Press advocates counter that the reach of local media is far greater even if newspaper circulation is in decline because the notices often appear online and in a searchable central repository like they are in Illinois and nearly every other state, including the District of Columbia. They also argue that community papers remain the most trusted source of information in many communities.

“Nobody can deny that local newspapers aren’t where they were at 20 or 30 years ago with circulation and readership,” said Richard Karpel, executive director of the Public Notice Resource Center, a nonprofit that promotes the value of newspaper-published public notices. 

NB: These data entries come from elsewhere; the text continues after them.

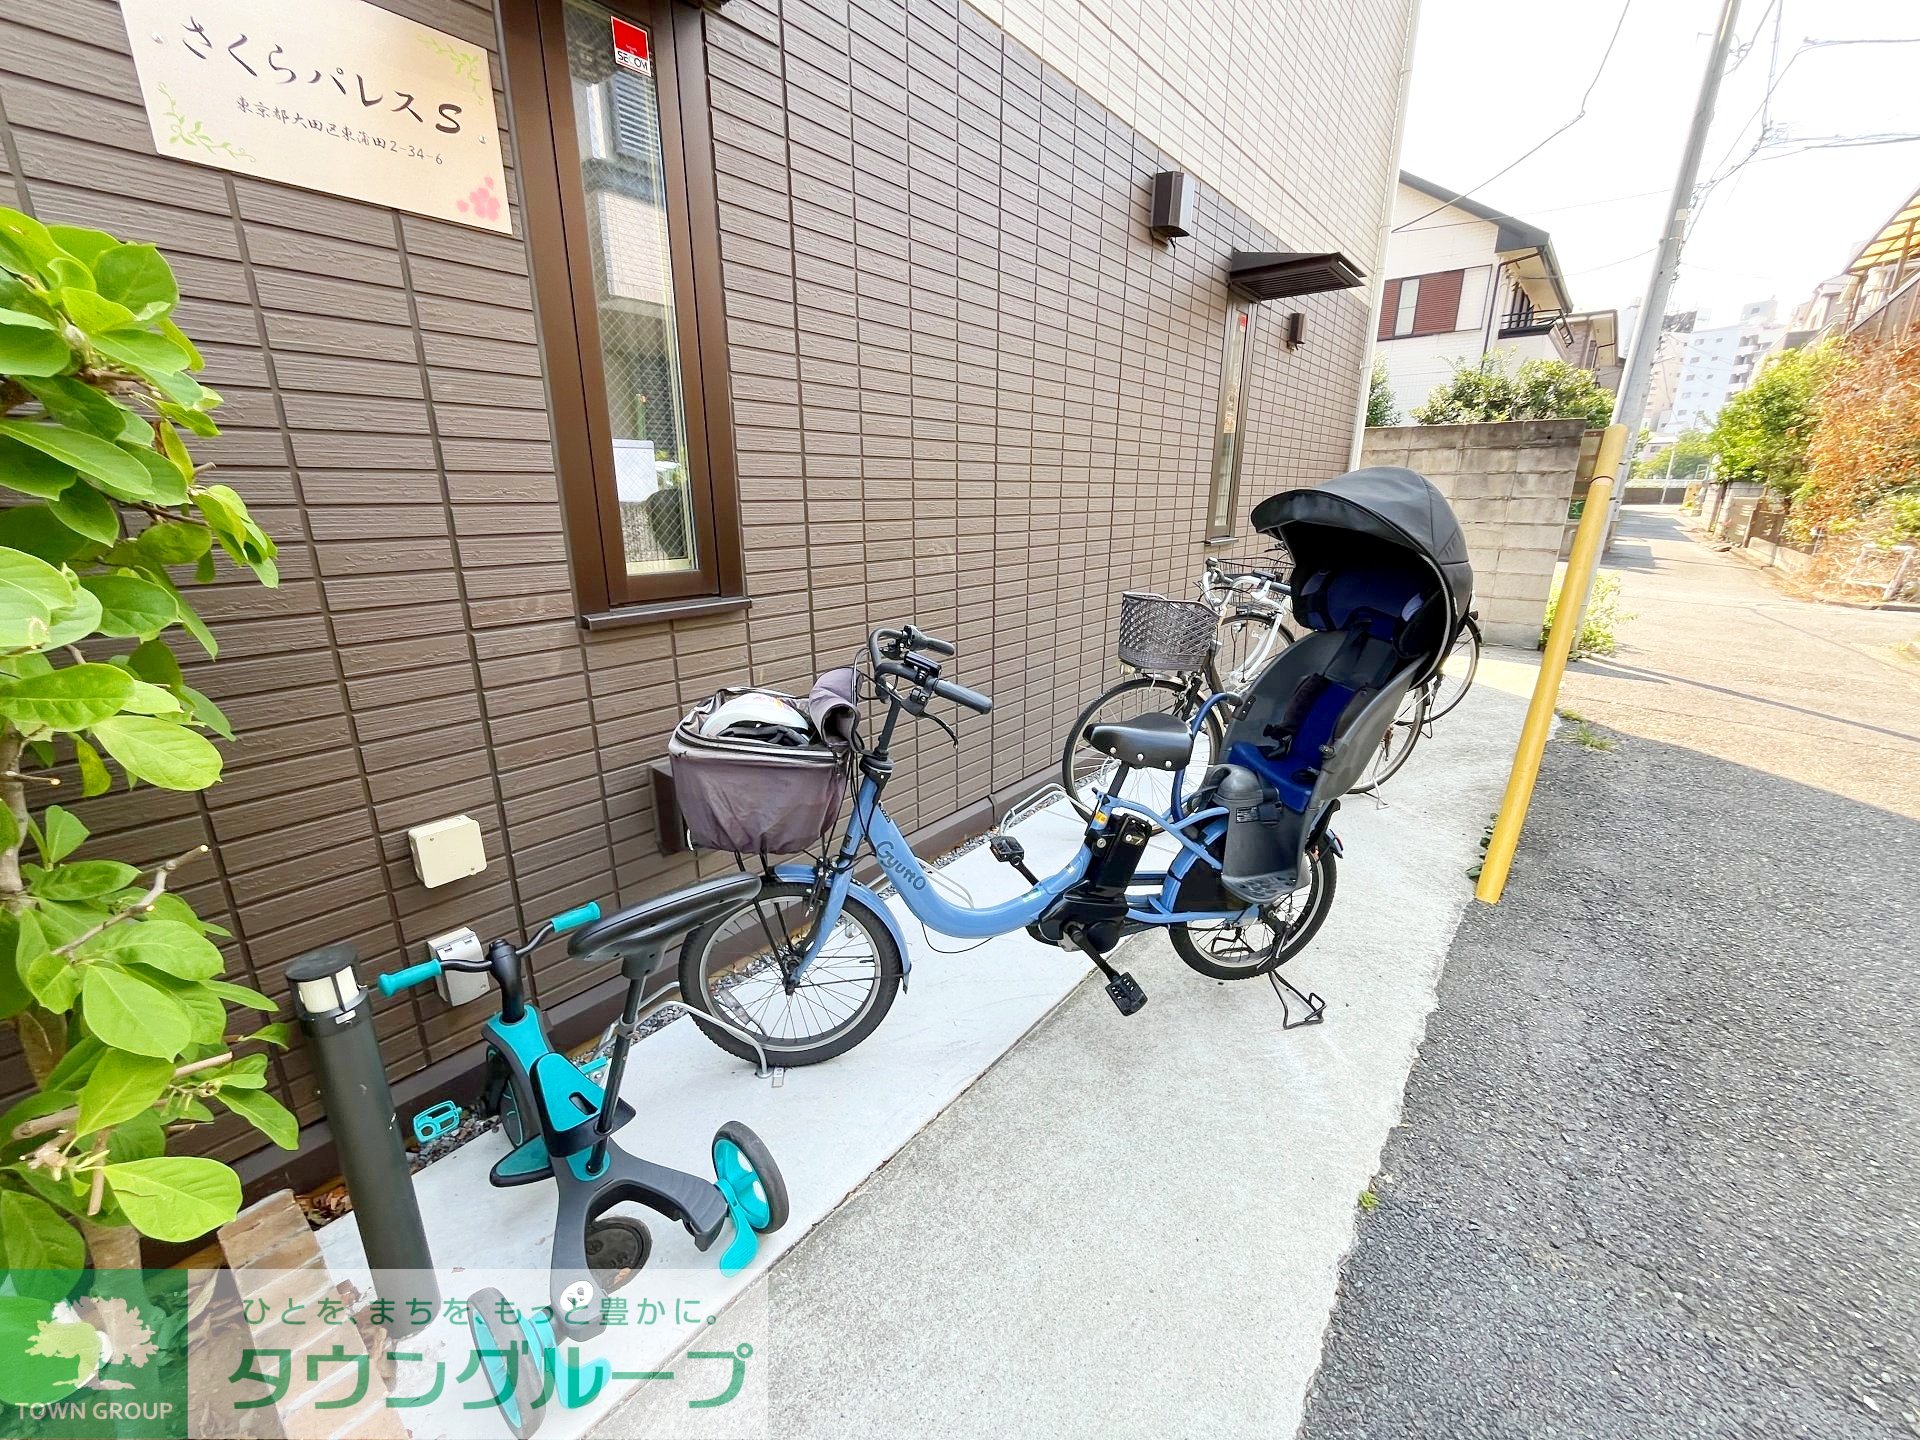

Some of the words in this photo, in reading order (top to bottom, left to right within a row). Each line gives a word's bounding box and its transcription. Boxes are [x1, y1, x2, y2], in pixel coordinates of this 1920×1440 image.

[180, 16, 462, 134] さくらパレスS
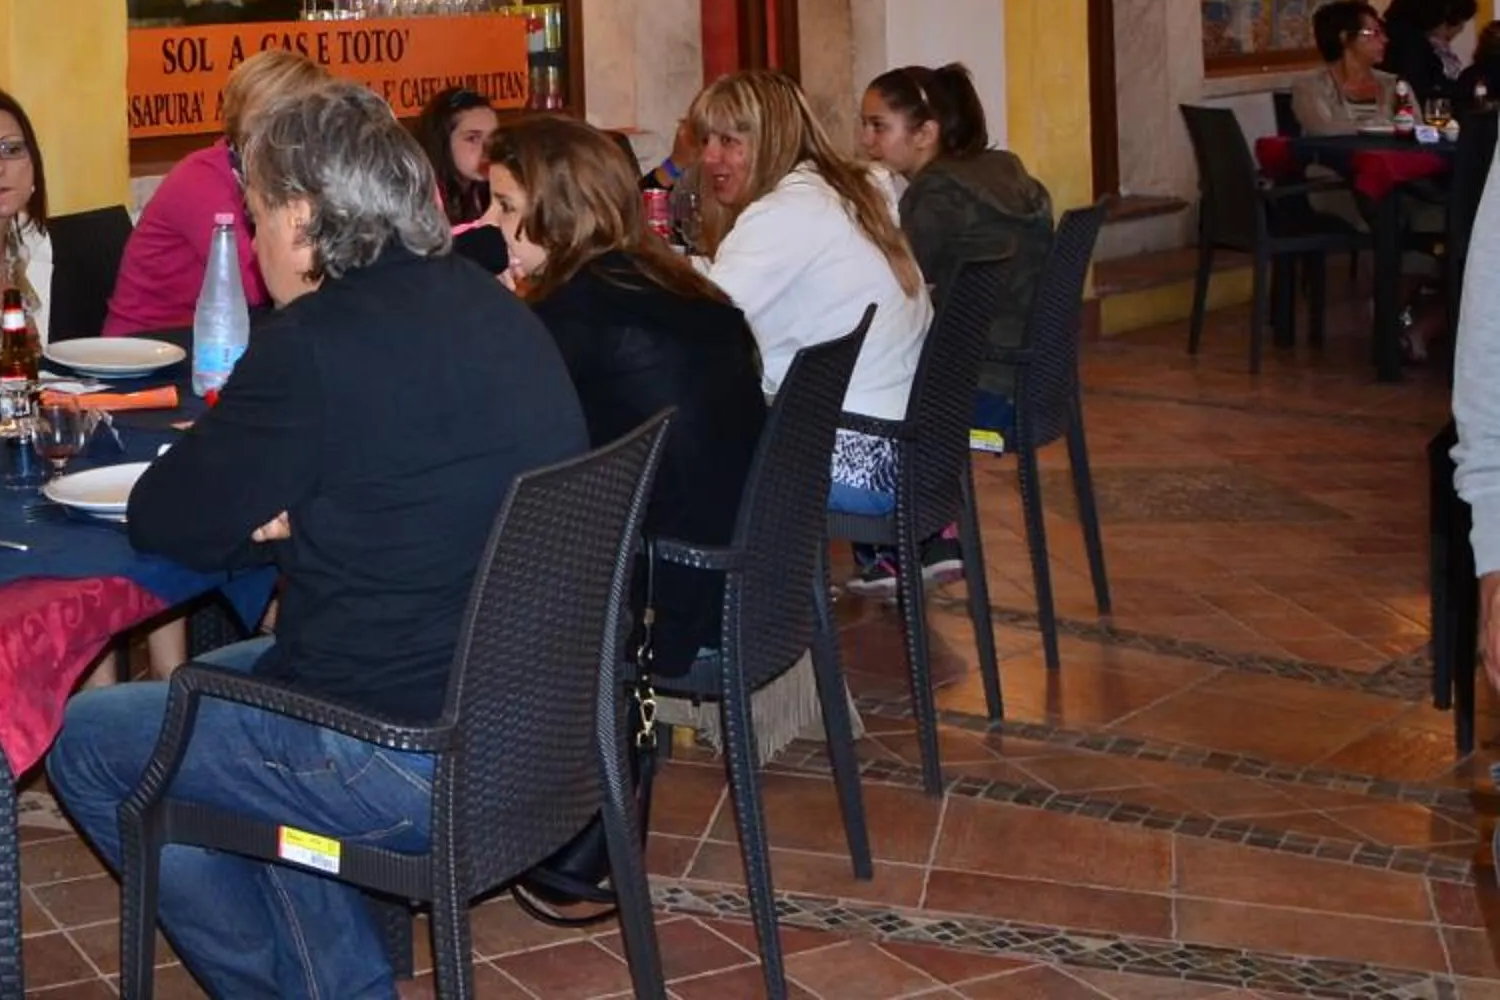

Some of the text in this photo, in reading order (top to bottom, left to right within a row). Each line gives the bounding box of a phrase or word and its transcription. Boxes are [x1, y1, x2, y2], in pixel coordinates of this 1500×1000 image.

[162, 37, 213, 74] SOL
[228, 35, 244, 70] A
[317, 33, 330, 65] E
[128, 91, 205, 128] SAPURA'
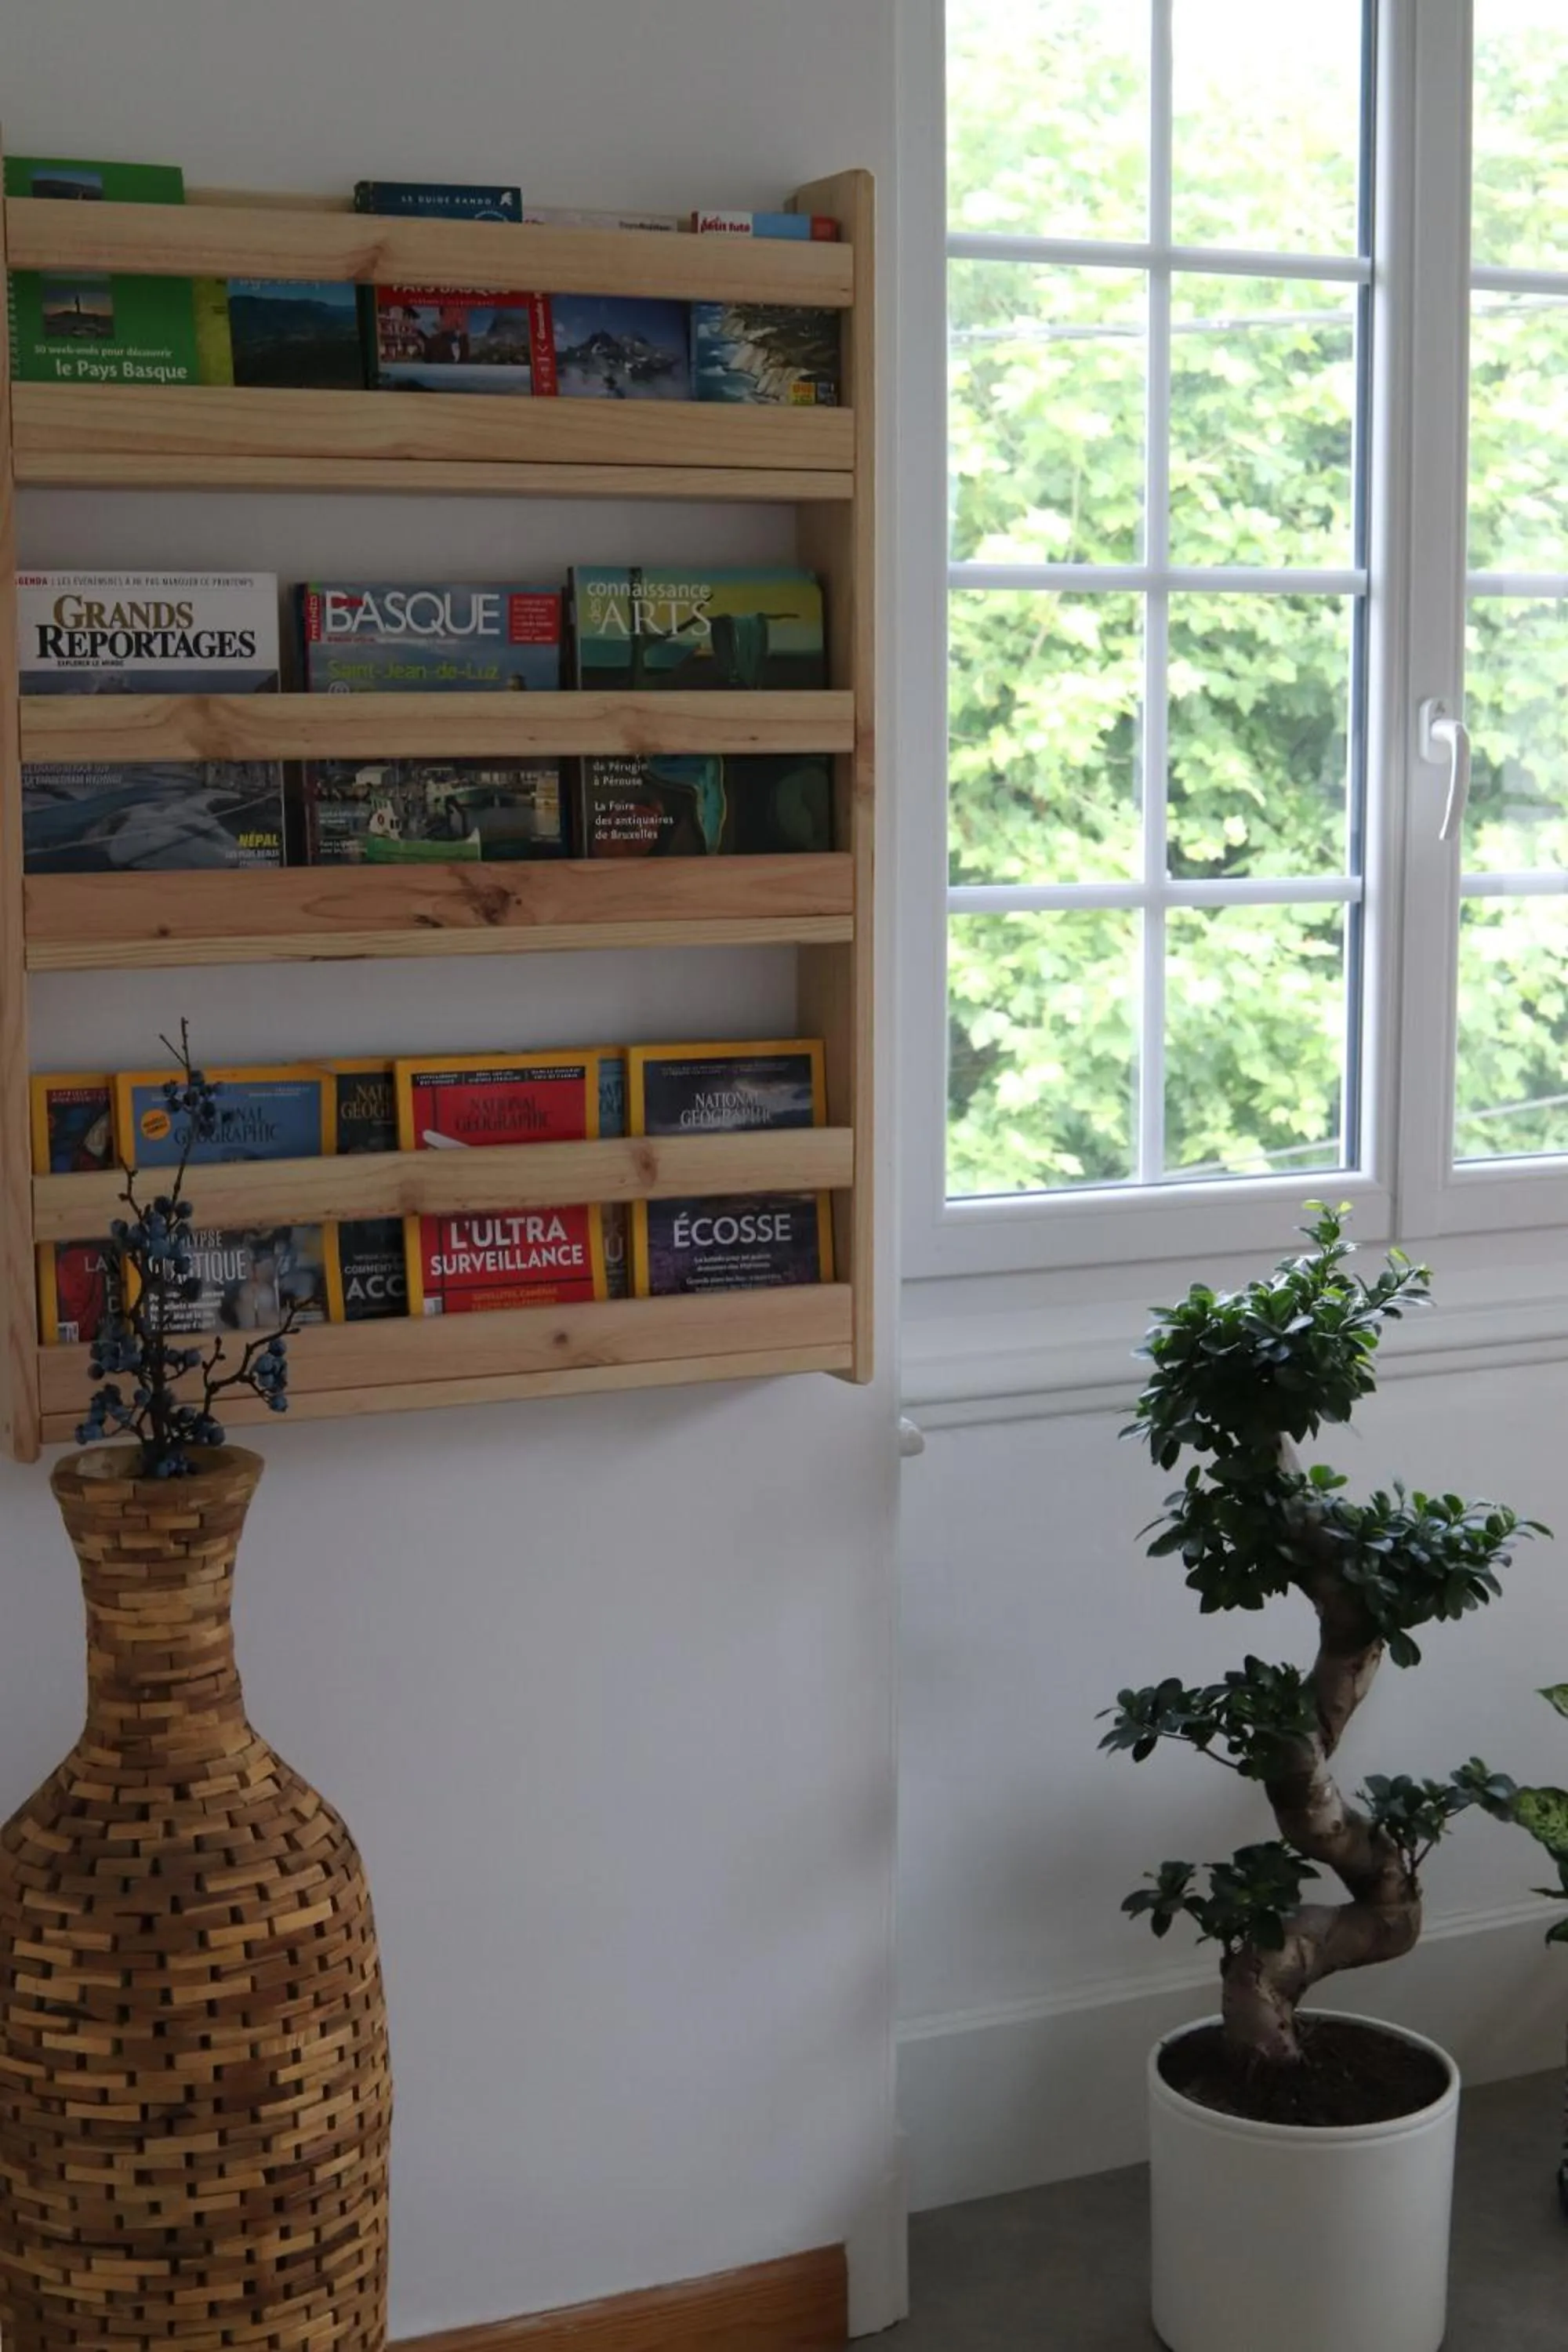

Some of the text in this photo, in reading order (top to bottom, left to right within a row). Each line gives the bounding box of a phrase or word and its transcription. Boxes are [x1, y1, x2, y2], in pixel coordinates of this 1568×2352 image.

[56, 358, 188, 383] le Pays Basque
[16, 576, 48, 586] GENDA
[586, 577, 712, 599] connaissance
[53, 594, 194, 630] GRANDS
[325, 590, 501, 637] BASQUE
[597, 598, 713, 637] ARTS
[34, 624, 256, 659] REPORTAGES
[594, 800, 636, 811] La Foire
[595, 815, 674, 828] des antiquaires
[238, 830, 280, 848] NÉPAL
[595, 829, 659, 840] de Bruxelles
[695, 1091, 759, 1110] NATIONAL
[680, 1105, 771, 1128] GEOGRAPHIC
[173, 1120, 280, 1145] GGRAPHIC
[450, 1215, 568, 1250] L'ULTRA
[673, 1211, 793, 1249] ÉCOSSE
[430, 1243, 584, 1276] SURVEILLANCE

But it’s not accurate to say that the notices aren’t already available online, he said. “They are on the web because newspapers put them on the web. People make assumptions about this issue.”

In Indiana, the Hoosier State Press Association is working with state lawmakers to come up with a solution. 

Stephen Key, executive director, said he’s pledged to have a proposal by this summer that would “modernize” public notices. Indiana also has a central database the press association maintains–like Illinois does–but notices are still required to appear in print. 

Key said the issue has come up every year for the past 21 sessions, with more than 91 bills that impact public notice.

“We want to address that with a proposal that allows for a transition from print-centric to digital-centric,” he said, adding that any solution must be accessible to the public, have a certification process that the notice is published properly and an archive for historical and legal purposes. He said notices also need to go through a “independent conduit” because government entities may not post notices that could be controversial. 

“The local government people want to put it on their websites, and we have to argue that nobody is going to find them or see them there,” he said. 

Karpel, of the Public Notice Resource Center,  said many of the efforts to block newspapers from publishing the public notices are political.

“One of the two major parties, one of their top policy issues is the media is evil,” he said. “They’ve gotten to that point. In many places, especially GOP majority states, you have legislators looking to exact revenge. That’s a big part of what we have going on in Florida. They end up being mad at the big city papers and hurt the smaller community papers.”

In Illinois, Fisher and others are concerned that local government units simply will not comply with the proposed law to post the notices to their websites.

A 2017 investigation from the Better Government Association found that government agencies routinely–and often without consequence-violate public records laws. Not only did agencies ignore requests for public information but they often improperly denied them more than half of the time, according to the analysis from the watchdog group.

Earlier this year, the Newspaper Association Managers Inc., a consortium of North American trade associations representing the industry, launched a website aimed at promoting legal notices in newspapers.

Newspapers undoubtedly would be hurt financially if they no longer had income–even at reduced rates, from publishing public notices, a practice that dates back to colonial times. 

But Fisher said the issue is about more than money.

“What’s the price of transparency?” he said. “If there is ever a time we need more transparency it’s now. We have increased distrust in government.”

Jackie Spinner is the editor of Gateway Journalism Review and an associate professor at Columbia College Chicago. She is a former staff writer for The Washington Post.